Last night I was doing my Buddhist prayers and was reflecting that this time 29 years ago the fighting was over and the Argentines had surrendered.
I was up on Tumbledown still without a sleeping bag wedged into a crack between some rocks trying to sleep and stay warm. All around me was the evidence of battle; scattered shell cases, discarded helmets, rifles, bits of clothing, webbing, letters from loved ones and of course dozens of dead from both sides lying where they had fallen.
Rest in peace guys, both British and Argentine, and if any of the bullets I help feed into our GPMG killed you, know that I am truly sorry for I didn't hate you.

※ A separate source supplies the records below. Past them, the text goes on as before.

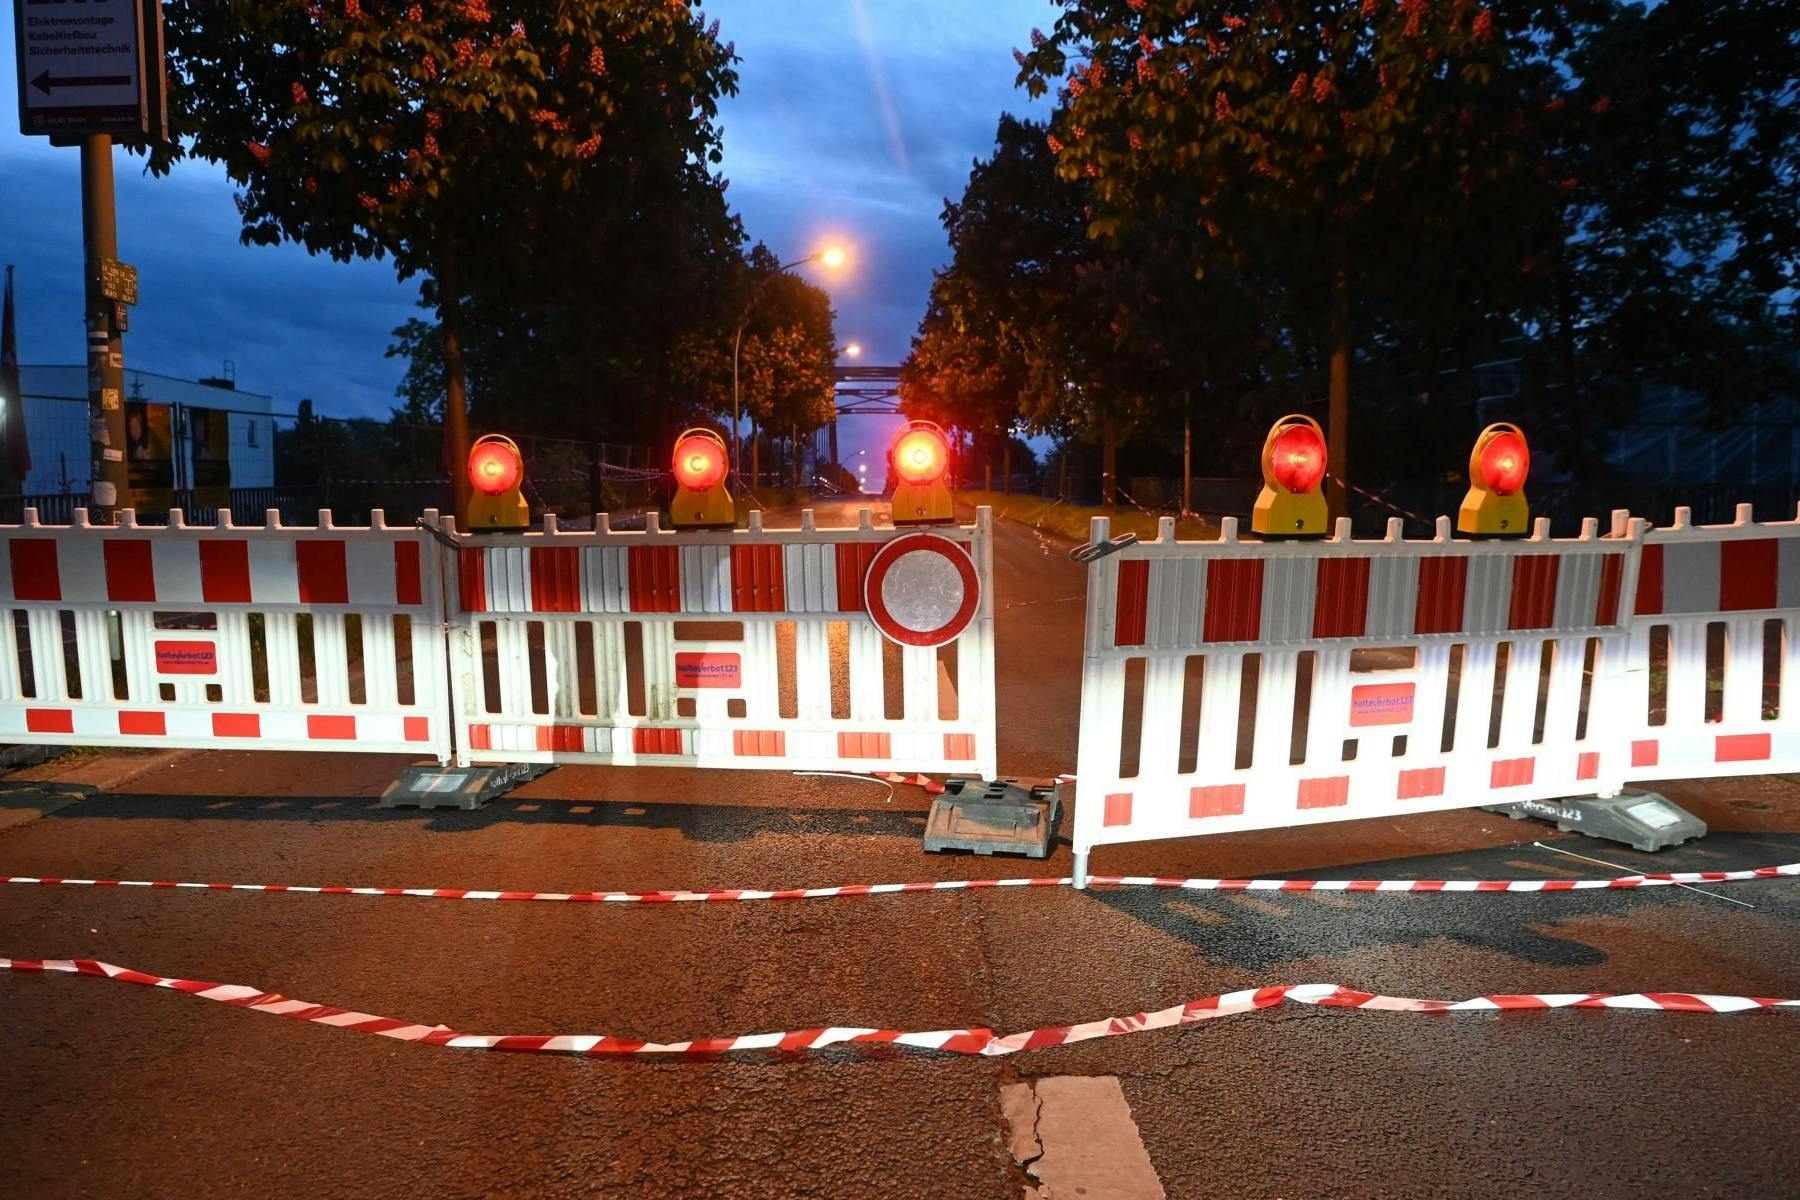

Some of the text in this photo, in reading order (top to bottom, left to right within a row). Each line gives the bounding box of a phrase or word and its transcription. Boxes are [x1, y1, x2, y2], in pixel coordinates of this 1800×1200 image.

[28, 16, 114, 27] Elektromontage
[28, 31, 97, 41] Kabeltiefbau
[29, 44, 132, 56] Sicherheitstechnik
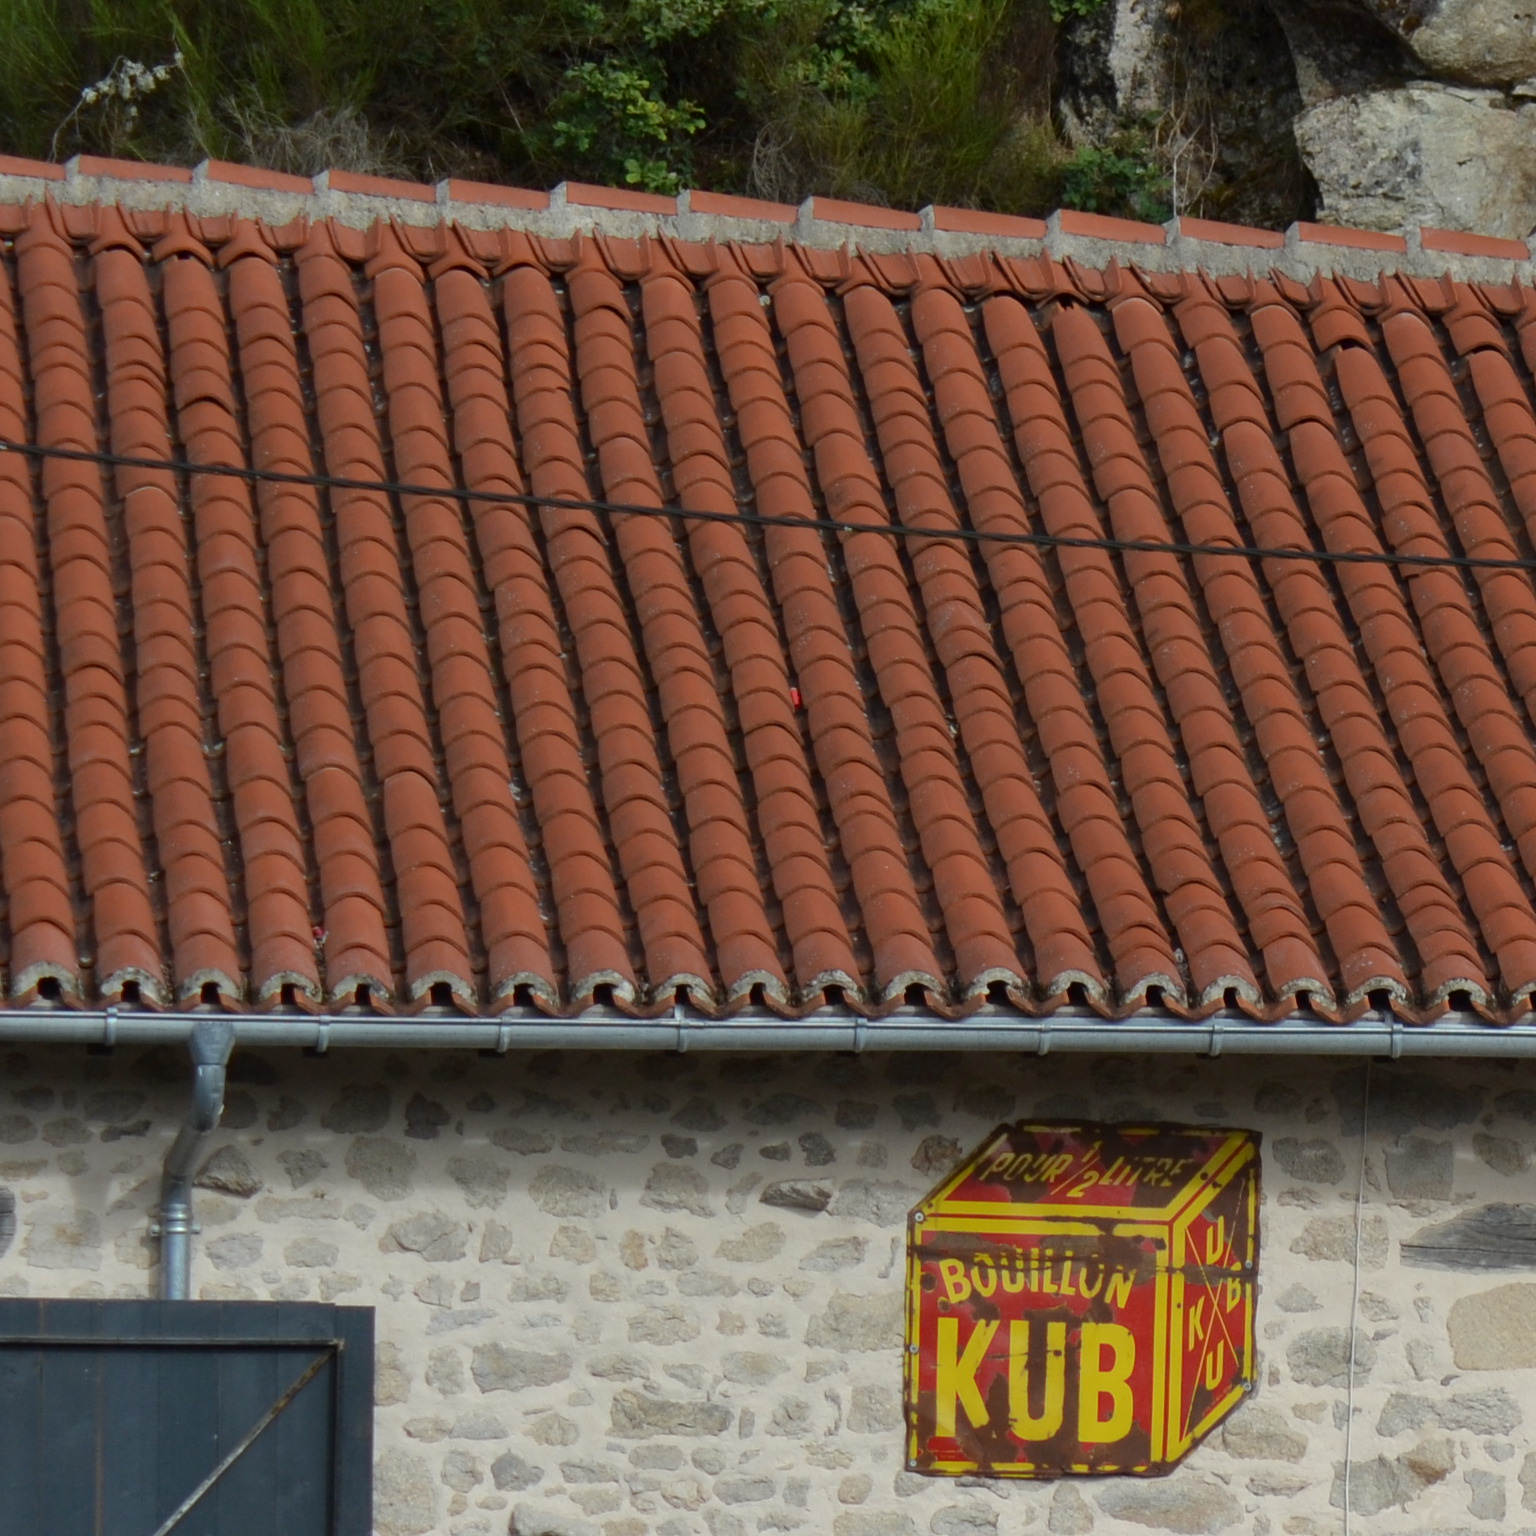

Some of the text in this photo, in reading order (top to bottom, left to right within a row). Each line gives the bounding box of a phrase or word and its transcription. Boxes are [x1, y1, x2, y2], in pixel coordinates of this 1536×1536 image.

[979, 1152, 1073, 1183] POUR
[1098, 1156, 1194, 1187] LITRE
[939, 1247, 1137, 1309] BOUILLON
[935, 1316, 1137, 1443] KUB
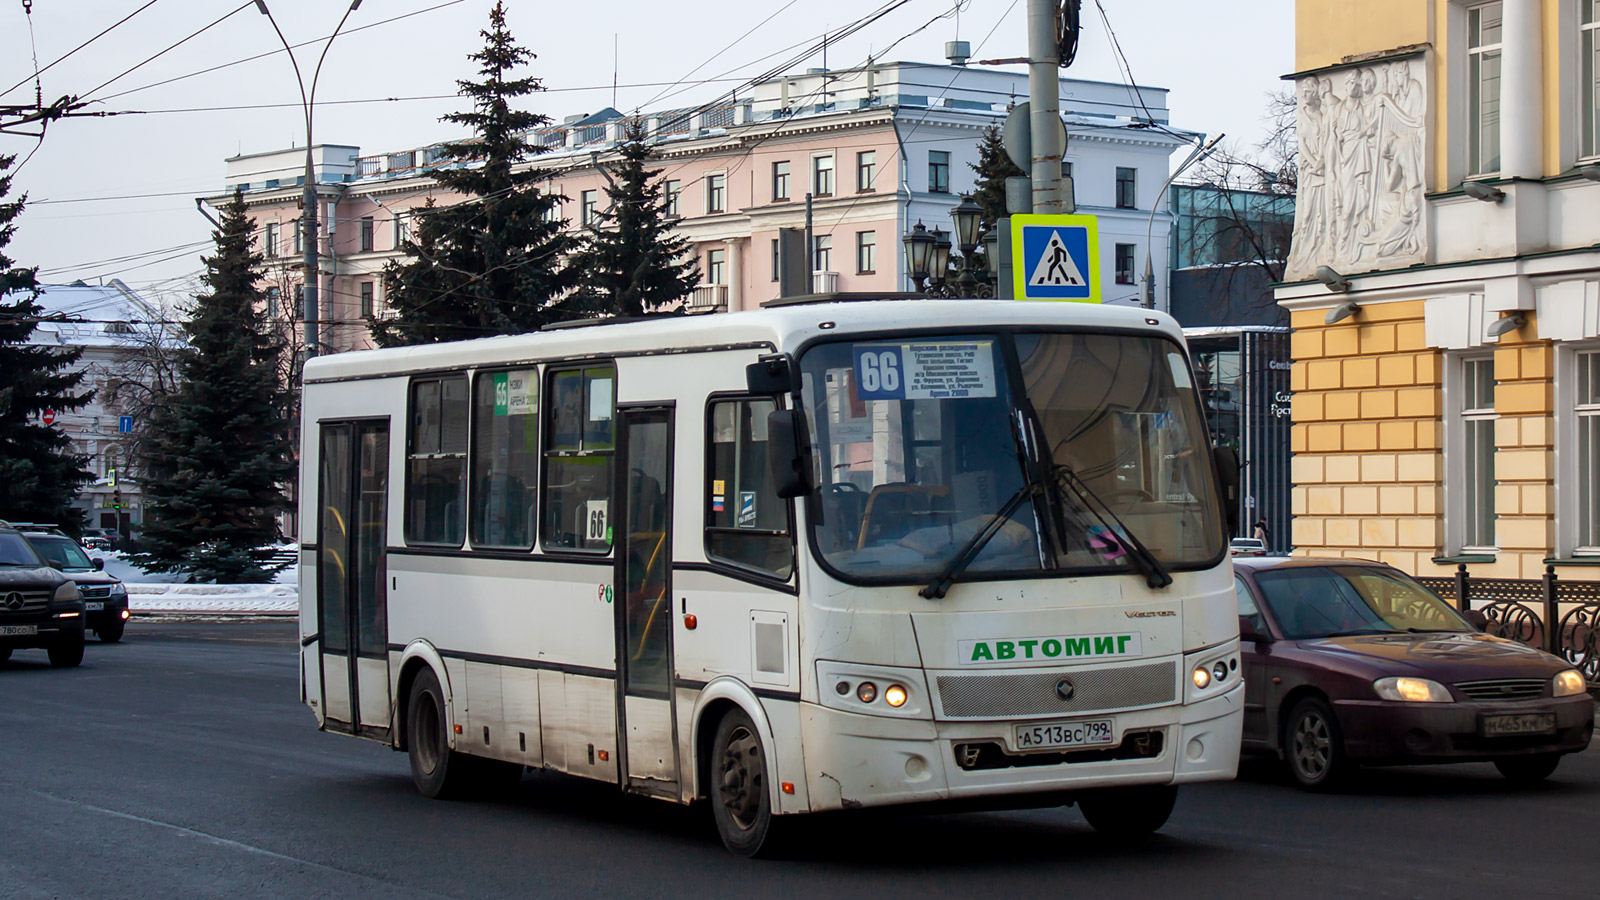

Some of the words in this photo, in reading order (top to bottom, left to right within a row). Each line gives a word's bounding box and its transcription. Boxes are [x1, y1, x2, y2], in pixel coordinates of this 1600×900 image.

[860, 352, 899, 392] 66
[496, 382, 507, 406] 66
[590, 510, 604, 538] 66
[971, 636, 1132, 661] АВТОМИГ
[1023, 726, 1083, 745] А513ВС
[1085, 722, 1107, 737] 799
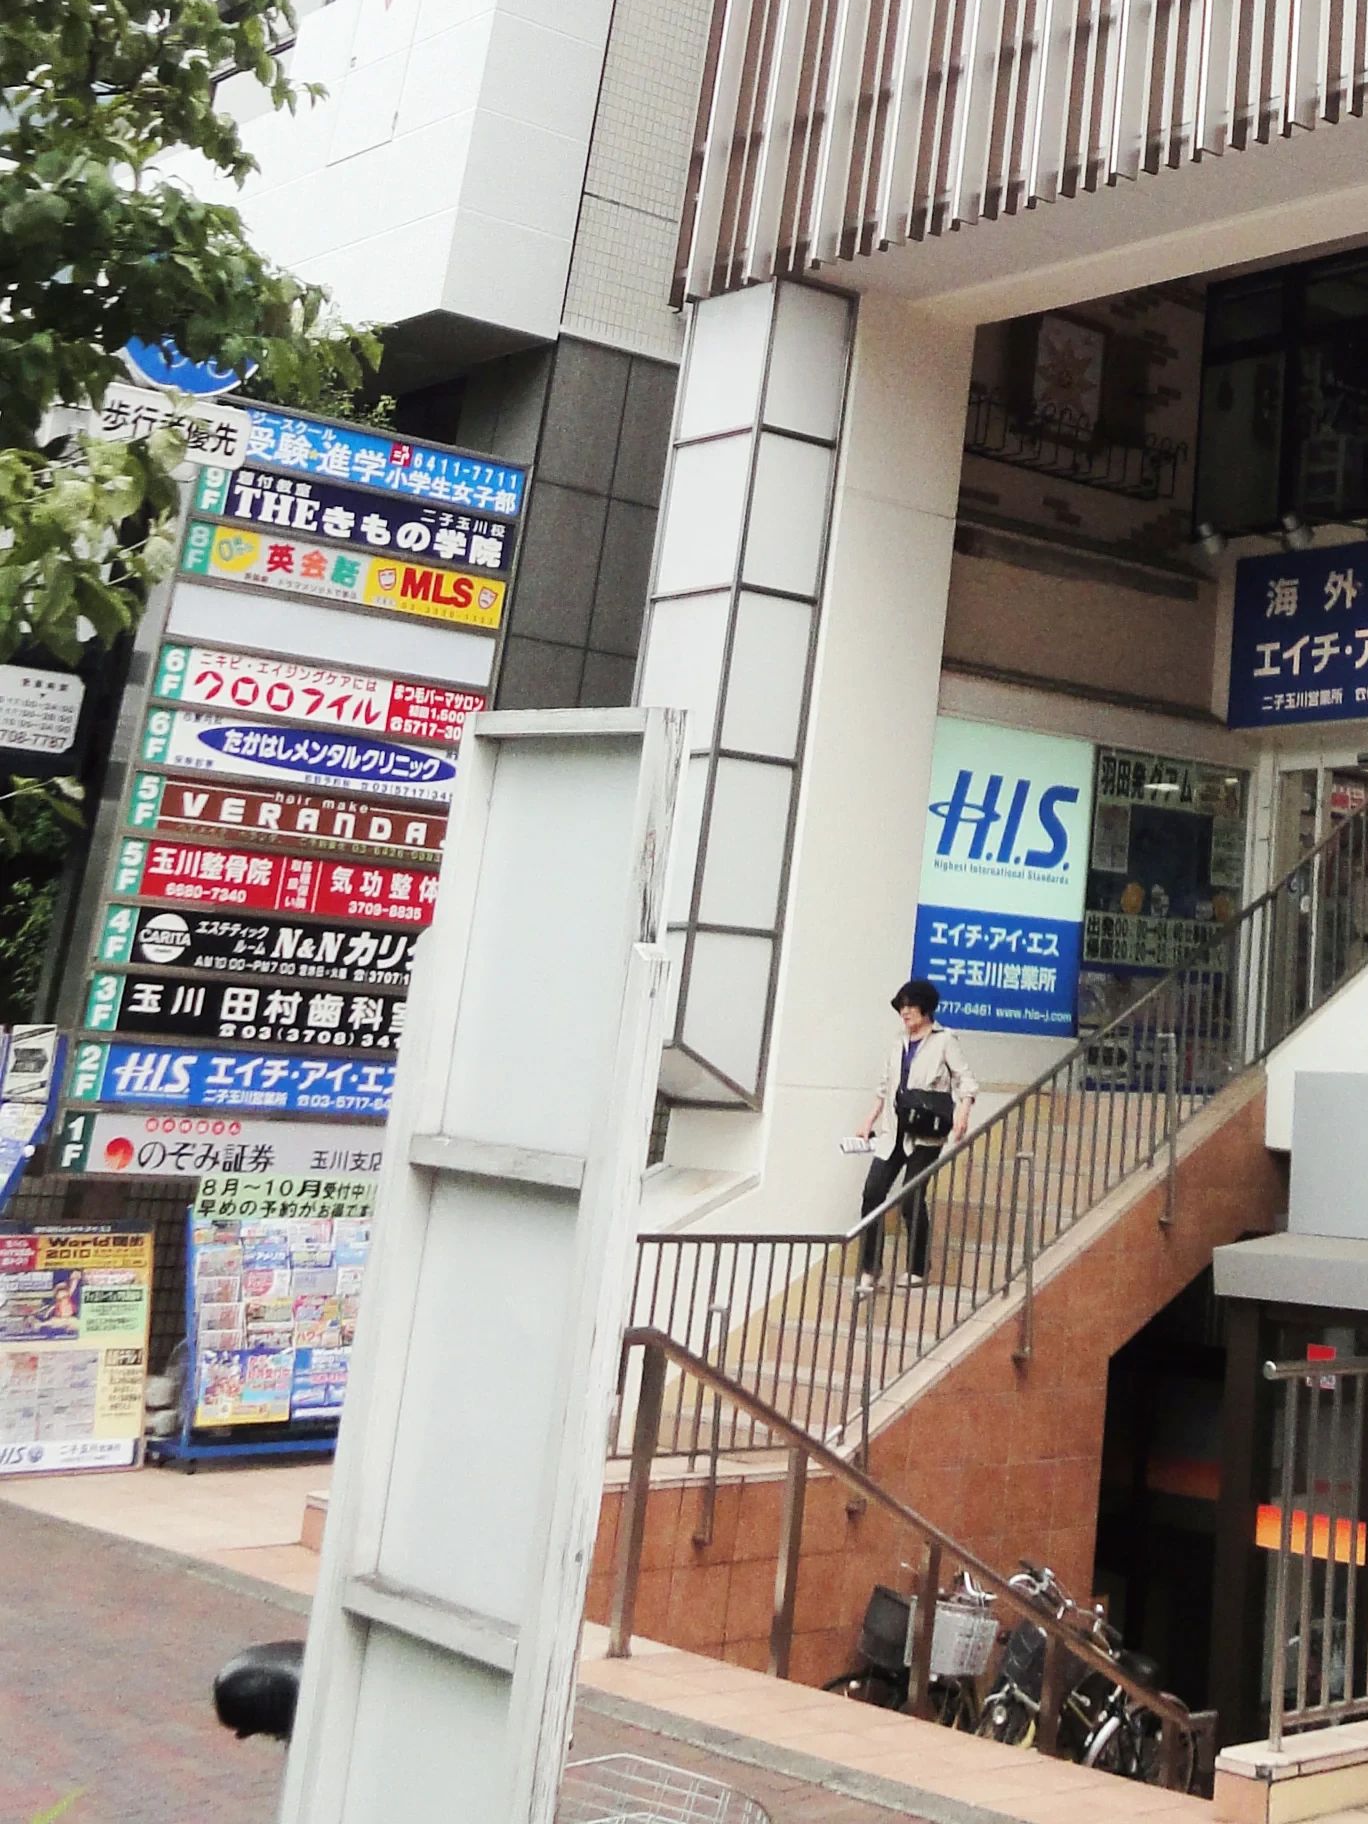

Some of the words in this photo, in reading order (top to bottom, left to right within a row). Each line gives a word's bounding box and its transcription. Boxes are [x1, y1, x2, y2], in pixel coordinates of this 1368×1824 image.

[386, 468, 517, 515] 小学生女子部
[414, 452, 518, 490] 6411-7711
[182, 524, 209, 570] 8F
[234, 484, 504, 569] THEきもの学院
[266, 543, 361, 589] 英会話
[400, 567, 474, 609] MLS
[162, 649, 186, 695] 6F
[1261, 687, 1344, 711] 二子玉川営業所
[146, 711, 170, 759] 6F
[222, 728, 441, 780] たかはしメンタルクリニック
[134, 776, 161, 825] 5F
[275, 790, 312, 806] hair
[322, 797, 369, 813] make
[116, 841, 144, 891] 5F
[148, 846, 273, 886] 玉川整骨院
[104, 908, 132, 958] 4F
[139, 928, 192, 947] CARITA
[930, 921, 1060, 957] エイチ・アイ・エス
[927, 957, 1057, 993] 二子玉川営業所
[91, 975, 117, 1027] 3F
[75, 1045, 103, 1097] 2F
[61, 1115, 85, 1168] 1F
[138, 1141, 276, 1173] のぞみ証券

There is a wonderful poem by Kudyard Kipling called Tommy that captures the essence of what it is to be a soldier. Lets not forget our current batch of serving men and women. I have included an up to date version of this poem that shows little has changed in the 120 years since the Kipling first wrote the original
O then we're just like 'eroes from the army's glorious past.
Yes, it's "God go with you, Tommy," when the trip might be your last.
They pays us skivvy wages, never mind we're sitting ducks,
When clerks what's pushing pens at 'ome don't know their flippin' luck.
"Ah, yes" sez they "but think of all the travel to be 'ad."
Pull the other one. Does Cooks do 'olidays in Baghdad?
It's Tommy this, an' Tommy that, an' "Tommy, know your place,"
But it's "Tommy, take the front seat," when there's terrorists to chase
An' the town is full of maniacs who'd like you dead toot sweet.
Yes, it's "Thank you, Mr Atkins," when they find you in the street.
There's s'pposed to be a covenant to treat us fair an' square
But I 'ad to buy me army boots, an' me combats is threadbare.
An' 'alf the bloody 'elicopters can't get in the air,
An' me pistol jammed when snipers fired. That's why I'm laid up 'ere.
Yes, it's Tommy this, an' Tommy that, "We 'ave to watch the pence";
Bold as brass the P.M. sez, "We spare them no expense.
But I'll tell you when they do us proud an' pull out all the stops,
It's when Tommy lands at Lyneham in a bloomin' wooden box!.